If the statement reads as confusing to you, because it lacks any meaningful pointers to identify who it's talking about congratulations on being a rational nuanced thinker..
If it makes perfect sense on the other hand...you've probably been drinking too much "everyone else is wrong but me and people who think like me kool-aid"
That's not a very helpful reply to a post lamenting how people can't discuss their differences in a civil way anymore. You literally responded like this:
Q: I remember when people who disagreed could still be friends. Can't we get along a bit better?
A: (you) No, because people I disagree with are basically Hitler and aren't based in "reality" so we can never be friends.
One side now lives in an alternate reality and is forcing somewhat objective people (scientists, FBI) to parrot that reality or face punishment...
But both sides of political extremes think that. Several people are pointing this out but it doesn't seem to be sticking.
Let me try. I read an interesting story on Hacker News recently about a scientist who gave a talk, and was punished for his views. He wasn't being punished by Trump-like pillars of conservatism. He was talking about discrimination against men and was suspended by his university administrators, because even though there is great consensus amongst scientists that women and men think differently, this 'scientific reality' is completely rejected by one political tribe (but not the other).
See... more or less any extremist criticism you can make of the other tribe can be easily turned around on you.
If you assume the most ignorant of motivations and the worst of intentions, it relieves you of the responsibility to consider the person's perspective in earnest.
I mean, it does no such thing, but that's how it feels, internally, and that's what generally happens.
His memo just seemed to me like the view a Republican holds on a polarising topic - so it's not surprising it splits into two polarised bimodal responses in my opinion.
Your supporting link says it has no substance - it's a simple meme that is wrong.
This subject annoys me because I am convinced that not only does the Horseshoe Theory have no predictive power - but also that it denies something which really is true - that political violence can come out of the Center aka from Liberalism.
This is a huge blindspot in modern political culture. Conflict coming out of the Center would be a true Black Swan event.
Vox had quite an interesting take from the left on how it's a bit odd that Facebook are taking threats from Republicans to punish them for alleged bias seriously. The example they used was Hollywood, Republicans hate Hollywood for being too liberal, they have an endless decades long culture war over it, but whenever a Republican comes into power they make sure to force other countries to enforce copyright laws that Hollywood wants and do precisely nothing to damage them. Just like Trump just did with Canada.

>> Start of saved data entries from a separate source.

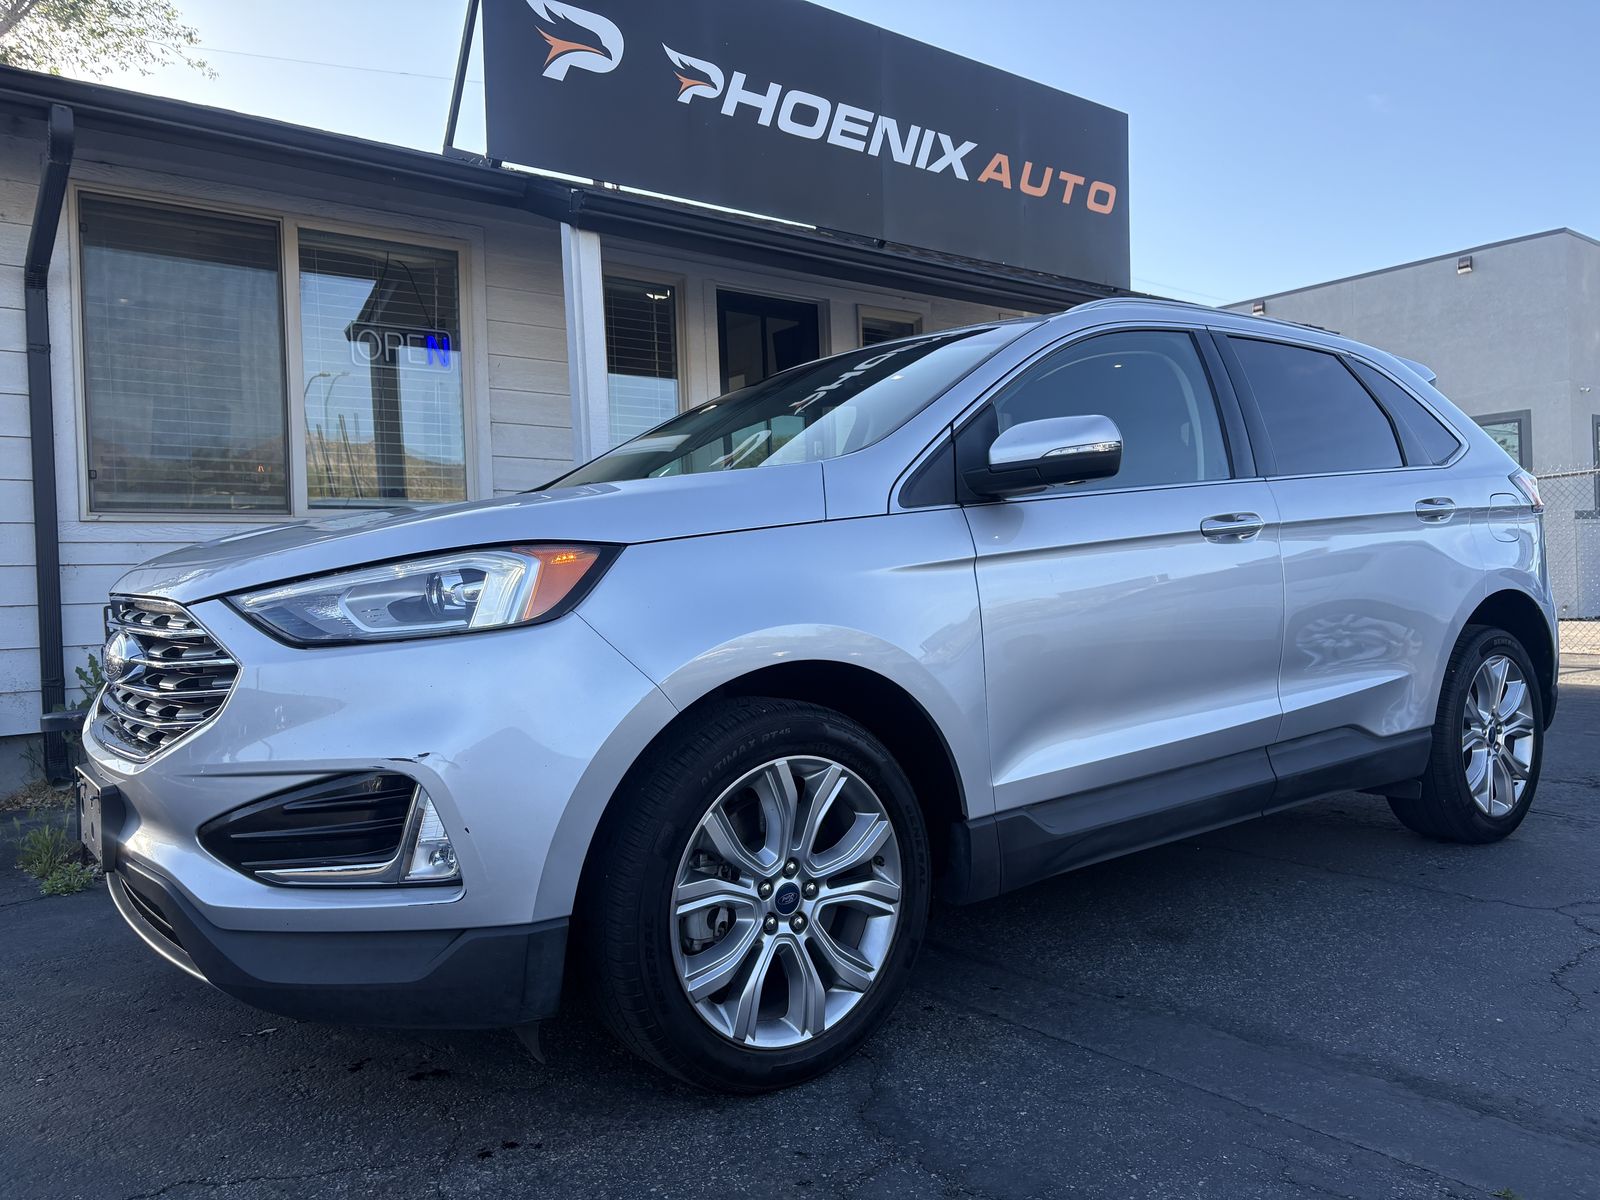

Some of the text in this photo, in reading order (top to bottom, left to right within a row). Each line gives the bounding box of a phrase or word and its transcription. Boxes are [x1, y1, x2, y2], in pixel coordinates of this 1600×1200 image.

[662, 42, 1117, 215] PHOENIX AUTO
[356, 329, 450, 368] OPEN
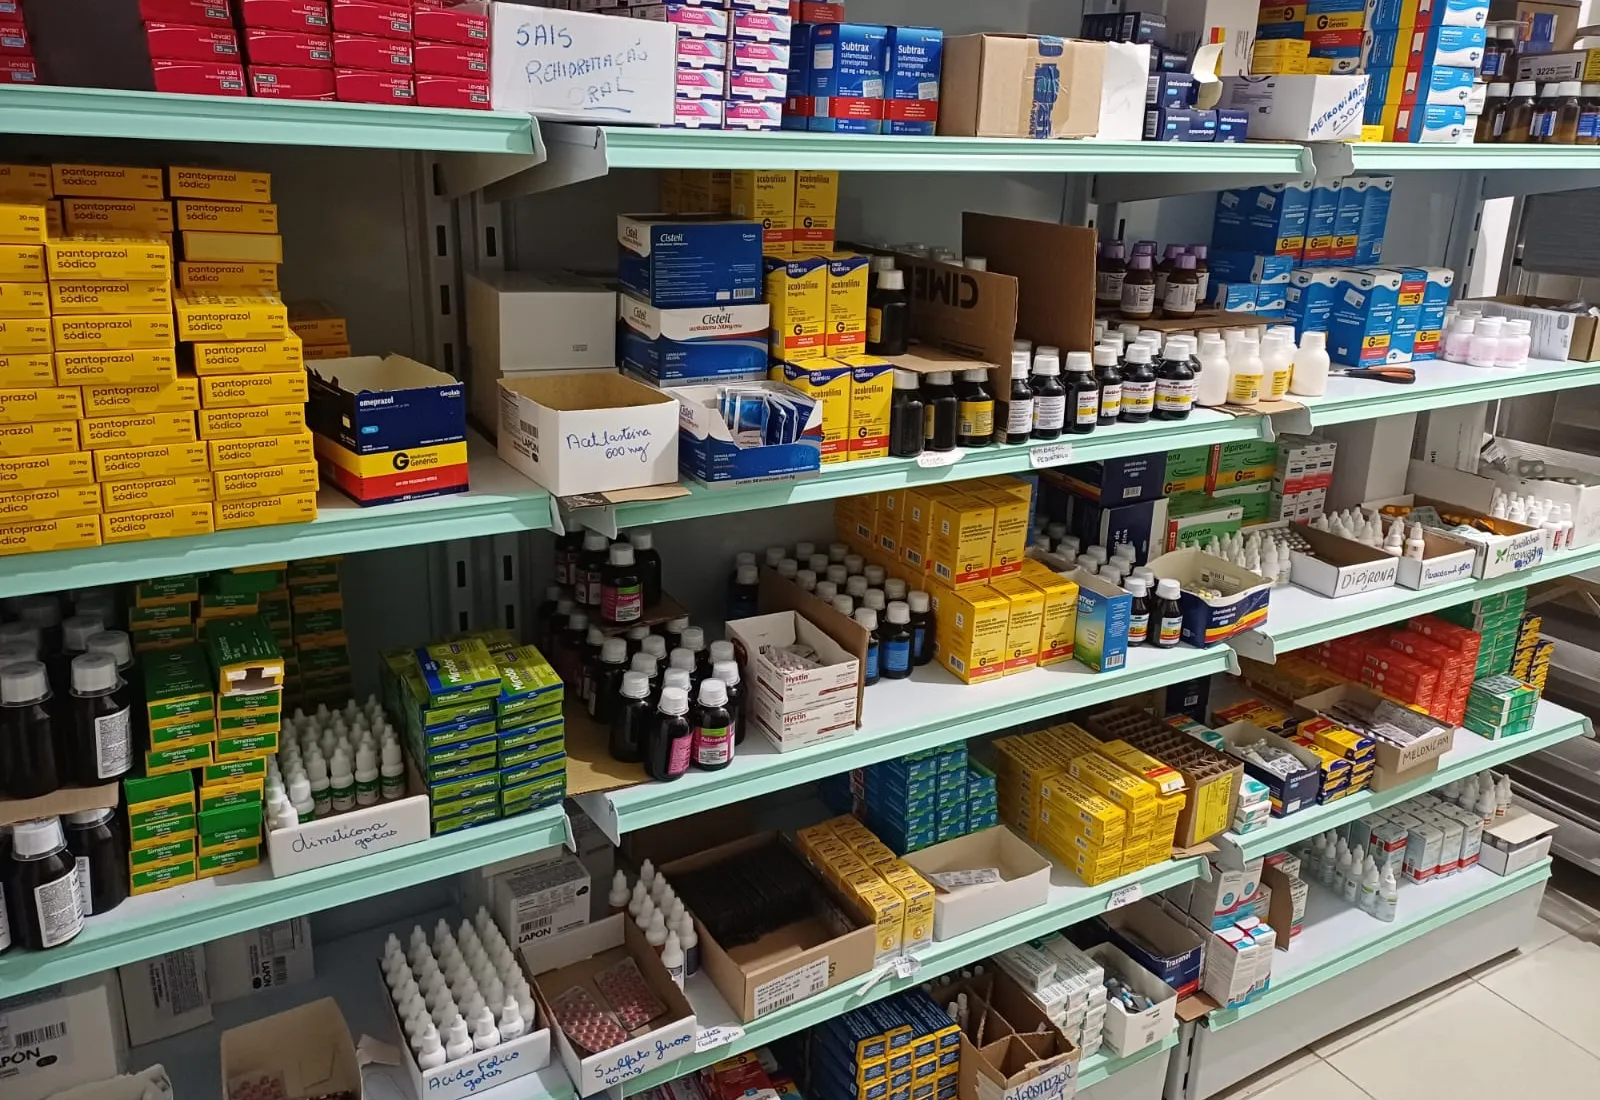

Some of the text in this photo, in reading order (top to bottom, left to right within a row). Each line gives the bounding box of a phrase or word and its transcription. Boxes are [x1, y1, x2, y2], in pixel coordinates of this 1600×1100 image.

[516, 23, 572, 48] SAIS
[841, 41, 870, 52] Subtrax
[898, 45, 925, 55] Subtrax
[1536, 66, 1556, 76] 3225
[566, 75, 634, 105] ORAL
[61, 168, 125, 179] pantoprazol
[178, 172, 236, 182] pantoprazol
[63, 177, 97, 186] sódico
[179, 180, 210, 189] sódico
[73, 203, 136, 213] pantoprazol
[186, 204, 243, 213] pantoprazol
[75, 211, 108, 220] sódico
[187, 212, 217, 221] sódico
[660, 233, 683, 242] Cisteil
[57, 249, 128, 259] pantoprazol
[58, 259, 96, 268] sódico
[188, 266, 244, 274] pantoprazol
[189, 274, 219, 282] sódico
[59, 284, 129, 293] pantoprazol
[60, 294, 98, 303] sódico
[187, 312, 250, 322] pantoprazol
[702, 313, 732, 325] Cisteil
[62, 320, 132, 330] pantoprazol
[188, 322, 222, 330] sódico
[64, 330, 101, 339] sódico
[204, 344, 266, 354] pantoprazol
[65, 353, 134, 364] pantoprazol
[206, 355, 239, 364] sódico
[66, 364, 104, 374] sódico
[211, 378, 272, 388] pantoprazol
[92, 384, 160, 396] pantoprazol
[212, 388, 245, 397] sódico
[854, 385, 884, 396] acebrofilina
[94, 396, 130, 405] sódico
[359, 396, 394, 407] omeprazol
[208, 410, 269, 421] pantoprazol
[88, 417, 155, 429] pantoprazol
[209, 420, 242, 429] sódico
[90, 428, 126, 438] sódico
[218, 440, 278, 451] pantoprazol
[1223, 443, 1252, 453] dipirona
[104, 448, 169, 462] pantoprazol
[219, 450, 251, 459] sódico
[605, 446, 625, 459] 600
[0, 459, 49, 471] toprazol
[105, 460, 141, 470] sódico
[410, 457, 438, 466] Genérico
[224, 469, 283, 481] pantoprazol
[112, 478, 176, 491] pantoprazol
[225, 480, 257, 490] sódico
[113, 490, 148, 501] sódico
[222, 498, 281, 511] pantoprazol
[110, 510, 174, 524] pantoprazol
[223, 510, 255, 520] sódico
[111, 522, 146, 533] sódico
[1181, 527, 1211, 540] dipirona
[785, 674, 808, 683] Hystin
[784, 712, 806, 724] Hystin
[1402, 736, 1449, 765] MELOXICAM
[292, 820, 388, 852] dimeticona
[355, 828, 398, 850] gotas
[519, 927, 552, 944] LAPON
[262, 961, 270, 988] LAPON
[697, 1028, 721, 1040] ulfato
[0, 1047, 40, 1068] PON
[595, 1051, 650, 1078] Sulfato
[429, 1069, 474, 1090] Acido
[464, 1068, 502, 1091] gotas
[605, 1076, 619, 1085] 40
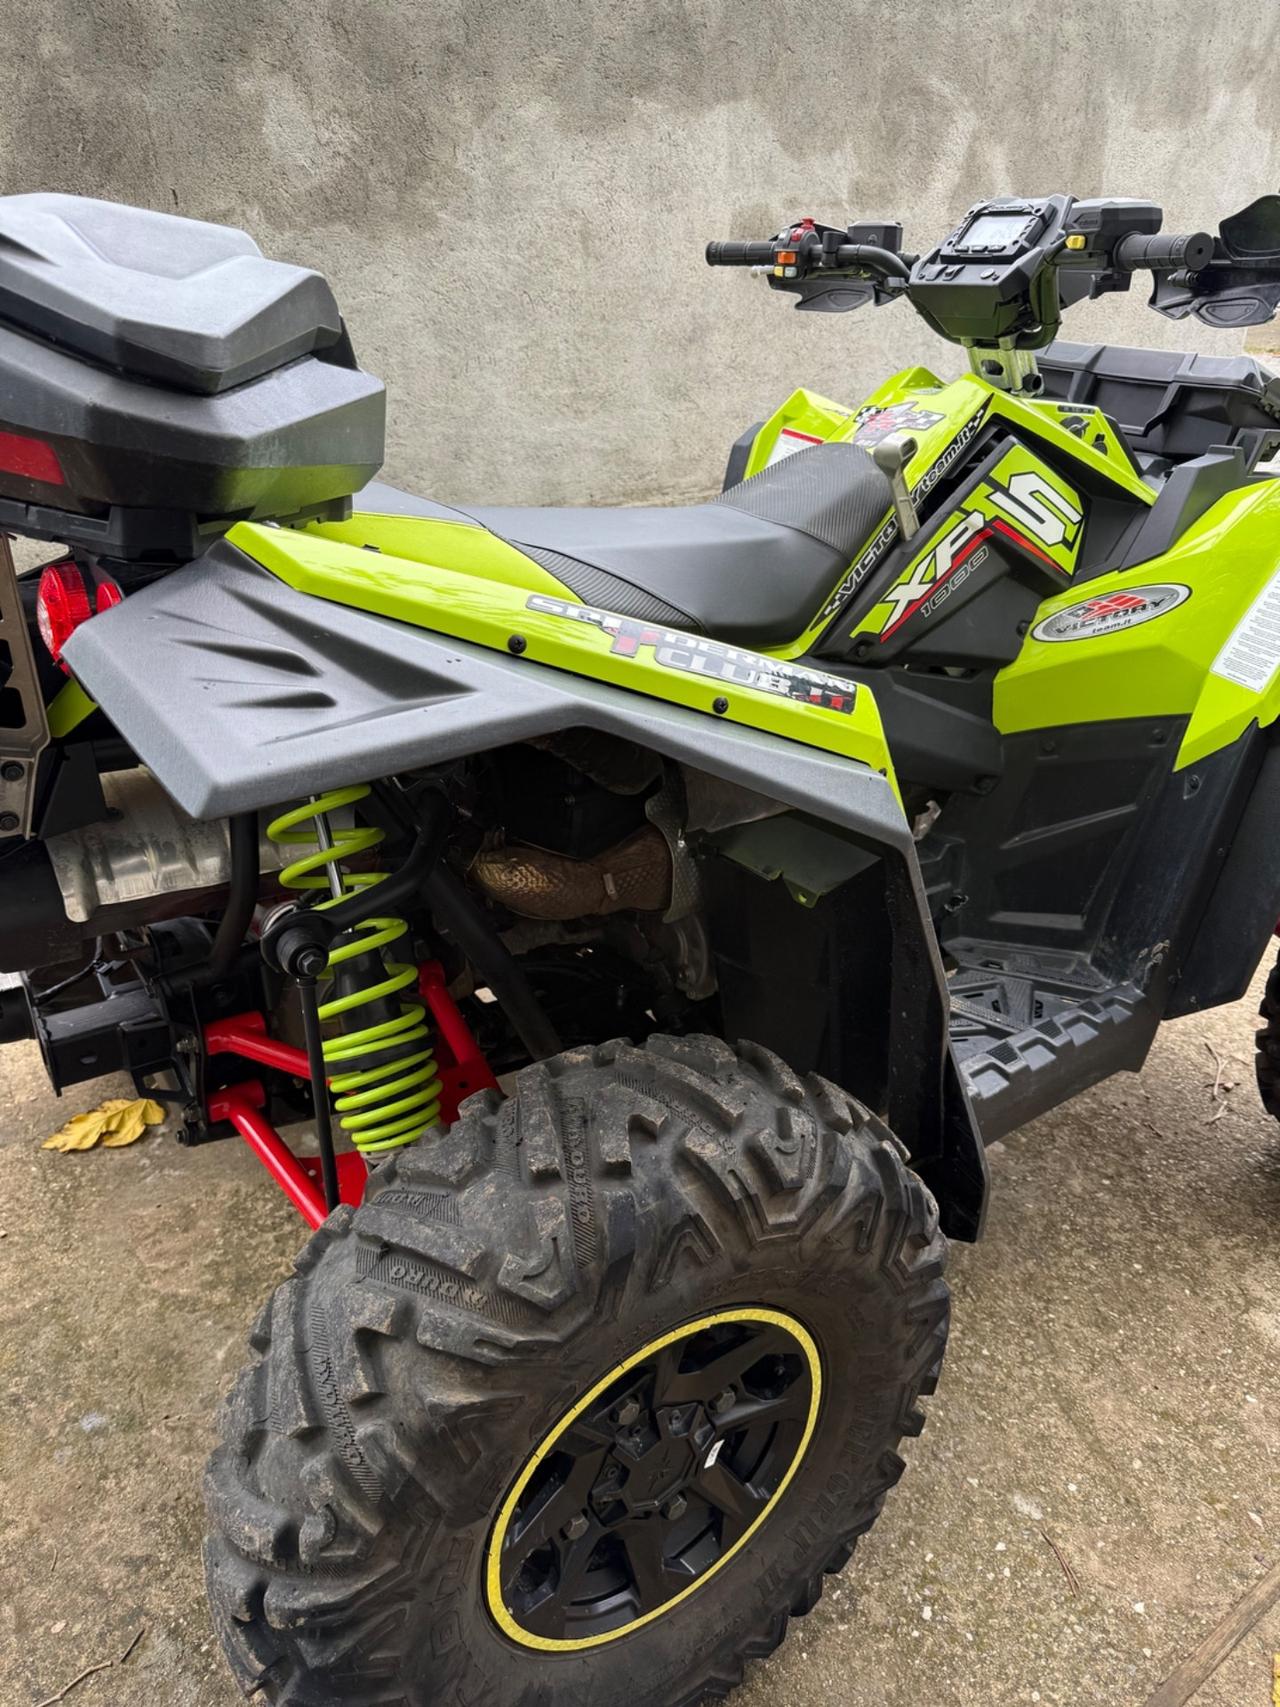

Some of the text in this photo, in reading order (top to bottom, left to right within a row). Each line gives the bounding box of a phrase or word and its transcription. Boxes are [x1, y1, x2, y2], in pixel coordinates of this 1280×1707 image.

[879, 510, 985, 635] XP
[920, 545, 989, 618] 1000
[1055, 596, 1170, 634] VICTORY

It was on their 'The Weeds' podcast, on the latest episode called 'Alexa, raise the minimum wage'. It was in a segment discussing Kevin Roose's daily Twitter updates about the top performing Facebook stories on Kavanaugh/Ford. It looks like the latest one he did was October 4th (https://twitter.com/kevinroose/status/1047614324225847296):
Sources of today's top performing Facebook posts about Kavanaugh, per @crowdtangle:
1. Fox News
2. Ben Shapiro
3. CNSNews ("News the Lefty Media Doesn't Want You to Have")
4. Breitbart
About Dr. Ford:
1. Fox News
2. CNN
3. Daily Caller
4. Breitbart
Before I could even explain why, he responded with that I was a monster of a human to even put “the party that locks children up and votes for rapists” close to the goals of the Democrats. I was called a shit bag “Repug” and told to kill myself.
We haven’t talked since.
I also voted for Hillary, for pragmatic reasons.
If it’s tough to maintain friendships with differing views in this day and age, doing so in the workplace where the environment allows this to be a bit more in the open will be a tough HR friendly pill to swallow.